On the contrary, an initiative that automates these decisions does not need to cater to those boundaries that only reflect an obsolete or soon-to-be obsolete division of labor. A numerical recipe can optimize those 50,000 SKUs at once and eliminate the inefficiencies that result from having dozens of silos pitted against each other. Thus, it is only natural for an initiative that intends to vastly automate these decisions to overlap with many pre-existing boundaries in the company. The company, or actually the management of the company, must resist the urge to mimic the existing organizational boundaries, especially at the scoping level, as it tends to set the tone for what follows.

Slide 12

Supply chains are complex in terms of hardware, software, and people. While it is unfortunate, starting a quantitative supply chain initiative further increases the complexity of the supply chain, at least initially. In the long term, it can actually substantially decrease the complexity of the supply chain, but we’ll get to that probably in a later lecture. Furthermore, the more people involved in the initiative, the greater the complexity of the initiative itself. If this extra complexity is not immediately put under control, then the odds are high that the initiative will collapse under its own complexity.
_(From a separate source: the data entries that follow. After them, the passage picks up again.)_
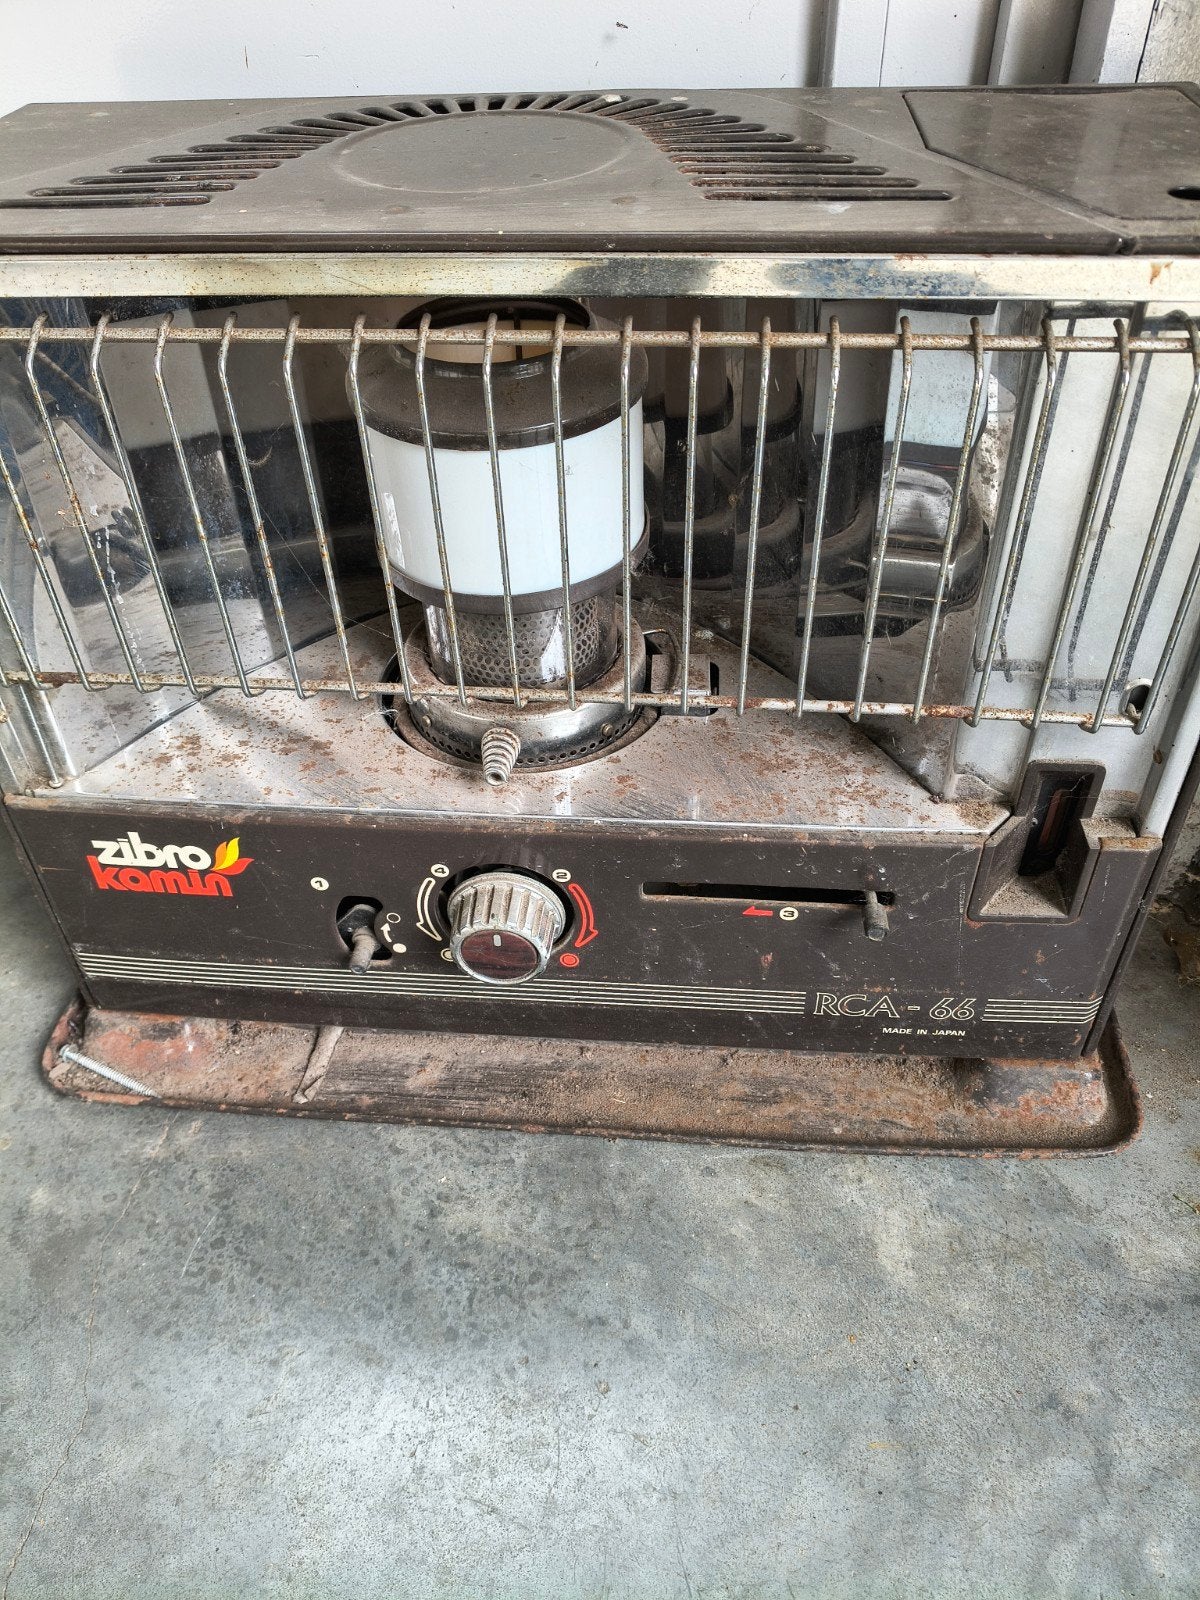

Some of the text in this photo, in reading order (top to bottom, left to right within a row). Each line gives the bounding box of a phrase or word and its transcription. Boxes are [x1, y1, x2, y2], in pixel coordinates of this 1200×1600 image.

[91, 831, 212, 870] zibro
[86, 855, 233, 897] kamin
[813, 992, 900, 1018] RCA
[929, 998, 976, 1020] 66
[882, 1027, 913, 1035] MADE
[932, 1029, 966, 1037] JAPAN
Thus, when thinking about the roles of the initiative, that is, who is going to do what, we need to think about the smallest possible set of roles that makes the initiative viable. By minimizing the number of roles, we minimize the complexity of the initiative, which in turn greatly improves its odds of success. This perspective tends to be counterintuitive for large companies that love operating with an extremely thin-grained division of labor. Large companies tend to favor extreme specialists that do one thing and one thing only. However, a supply chain is a system, and like all systems, it is the end-to-end perspective that matters.

Based on the experience acquired at Lokad at conducting these sorts of initiatives, we have identified four roles that usually represent the minimal viable division of labor to conduct the initiative: a supply chain executive, a data officer, a supply chain scientist, and a supply chain practitioner.
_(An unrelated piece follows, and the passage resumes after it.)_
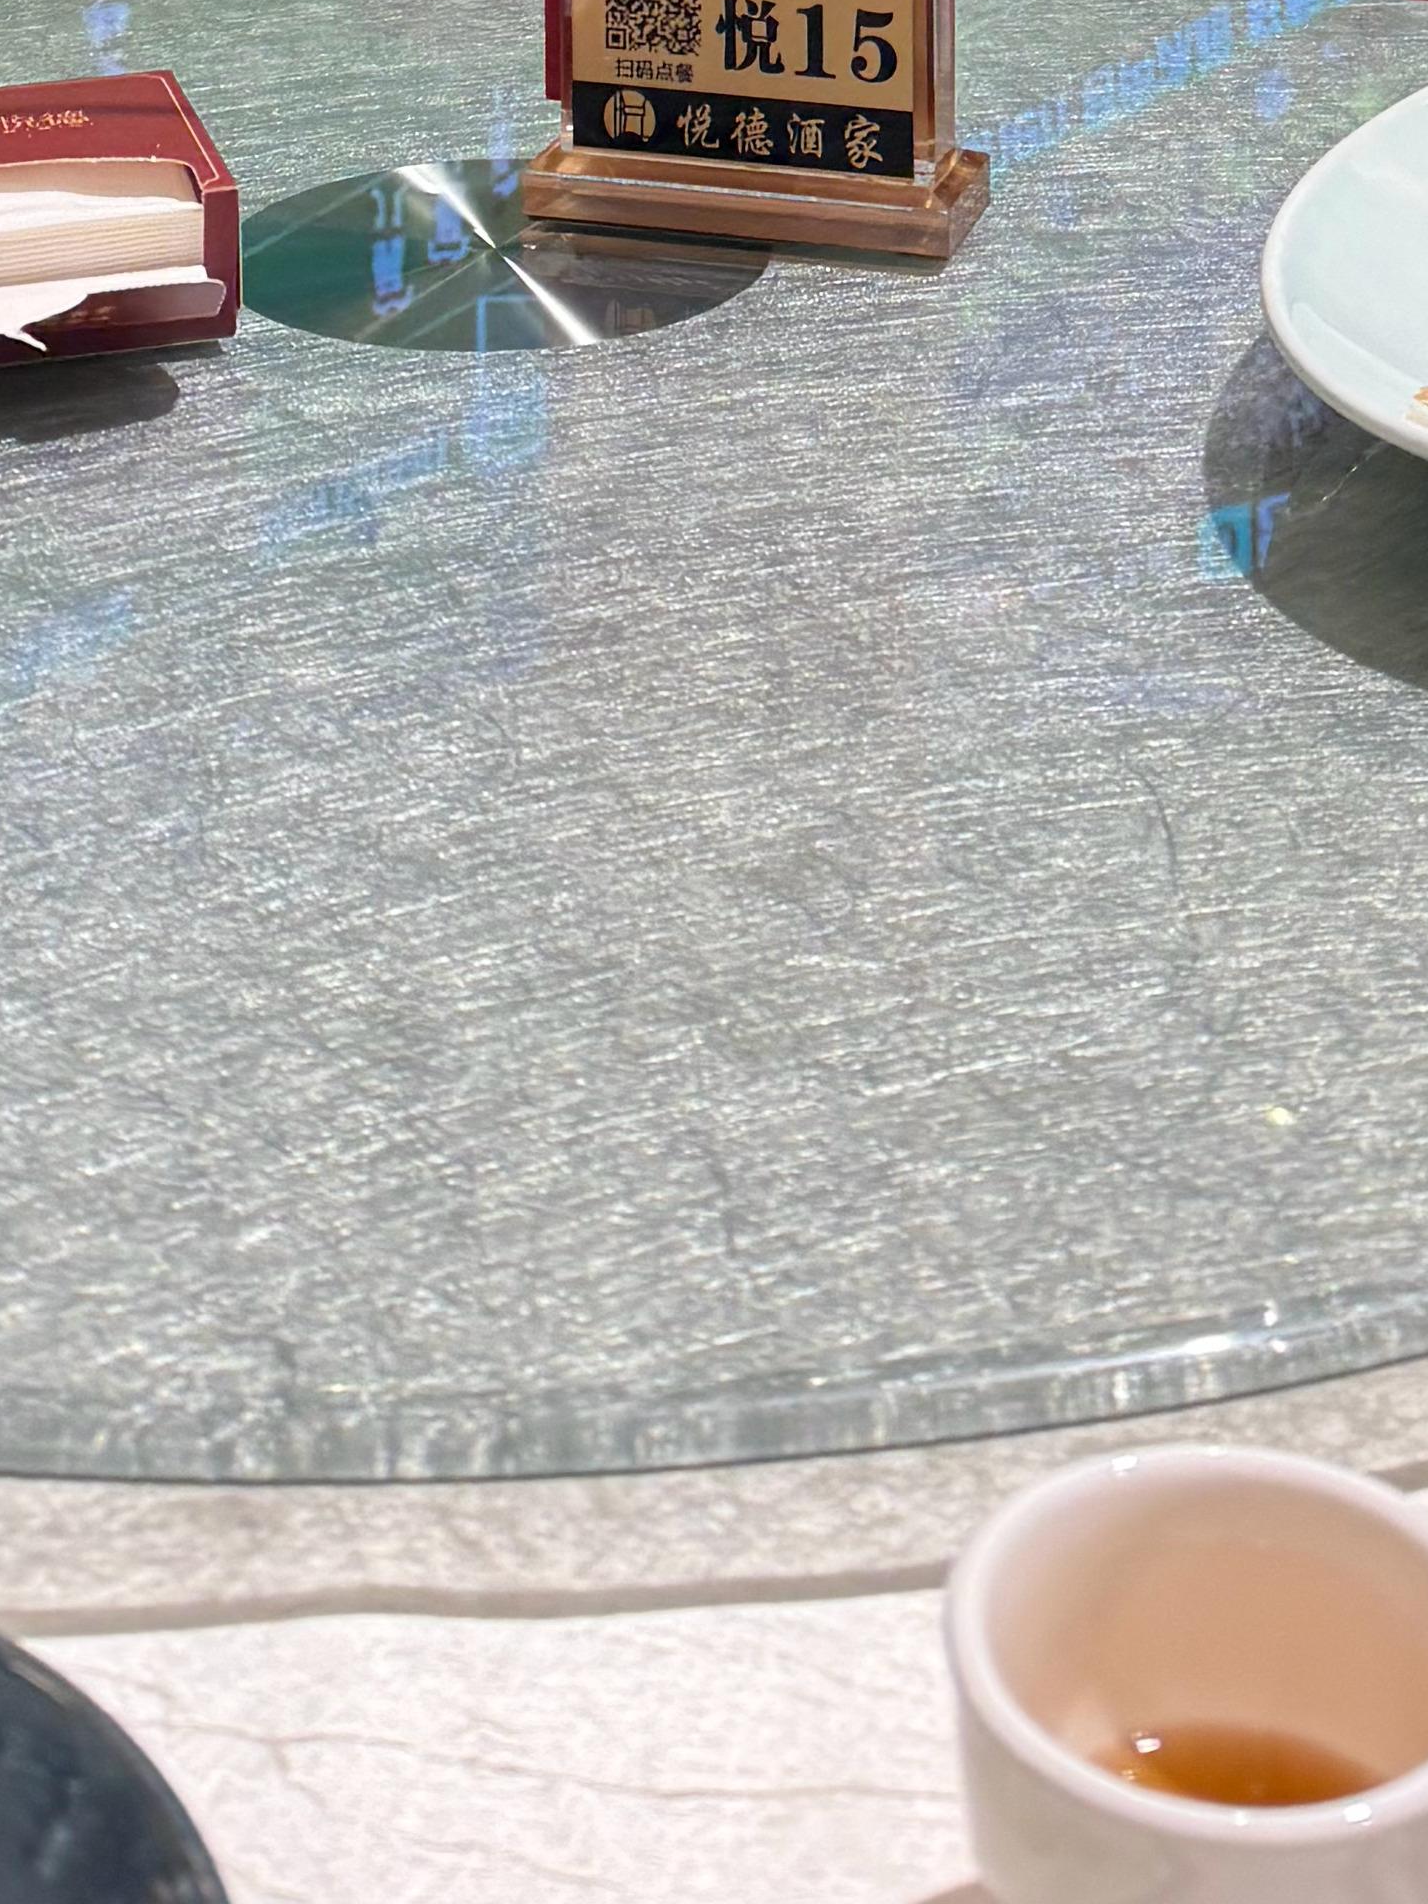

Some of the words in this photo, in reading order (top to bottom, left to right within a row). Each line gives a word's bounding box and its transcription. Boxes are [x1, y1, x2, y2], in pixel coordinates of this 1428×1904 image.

[615, 58, 694, 84] 扫码点餐
[675, 103, 884, 169] 悦德酒家
The role of the supply chain executive is to support the initiative so that it can happen in the first place. Getting a well-designed numerical recipe to drive the supply chain decisions in production represents a massive boost both in terms of profitability and productivity. However, it is also a lot of change to digest. It takes a lot of energy and support from top management for such a change to happen in a large organization.

The role of the data officer is to set up and maintain the data pipeline. The bulk of their contributions are expected to happen within the first two months of the initiative. If the data pipeline is correctly engineered, there is very little ongoing effort for the data officer afterward. The data officer is typically not involved much in the later stages of the initiative.

The role of the supply chain scientist is to craft the core numerical recipe. This role starts from the raw transactional data as made available by the data officer. No data preparation is expected from the data officer, only data extraction. The supply chain scientist’s role ends with taking ownership of the generated supply chain decision. It is not a piece of software that is responsible for the decision; it is the supply chain scientist. For every generated decision, the scientist themselves must be able to justify why this decision is adequate.

Finally, the role of the supply chain practitioner is to challenge the decisions generated by the numerical recipe and provide feedback to the supply chain scientist. The practitioner has no hope of taking the decision. This person has typically been in charge of those decisions so far, at least for a subscope, and usually with the help of spreadsheets and systems in place. In a small company, it is possible to have one person fulfilling both the role of the supply chain executive and the supply chain practitioner. It is also possible to bypass the need for a data officer if the data is readily accessible. This might happen in companies that are very mature as far as their data infrastructure is concerned. On the contrary, if the company is very large, it is possible to have a few, but only a tiny few, people filling each role.

The successful rollout in production of the core numerical recipe has quite an impact on the world of the supply chain practitioner. Indeed, to a large extent, the point of the initiative is to automate away the previous job of the supply chain practitioner. However, this does not imply that the best course of action is to fire those practitioners once the numerical recipe is in production. We will be revisiting this specific aspect in the next lecture.

Slide 13

Being organized doesn’t mean being efficient or being effective. There are roles that, despite being well-intentioned, add friction to supply chain initiatives, frequently to the point of making them fail altogether. Nowadays, the first role that contributes the most to making such initiatives fail tends to be the role of the data scientist, and even more so when a whole data science team is involved. By the way, Lokad learned this the hard way about a decade ago.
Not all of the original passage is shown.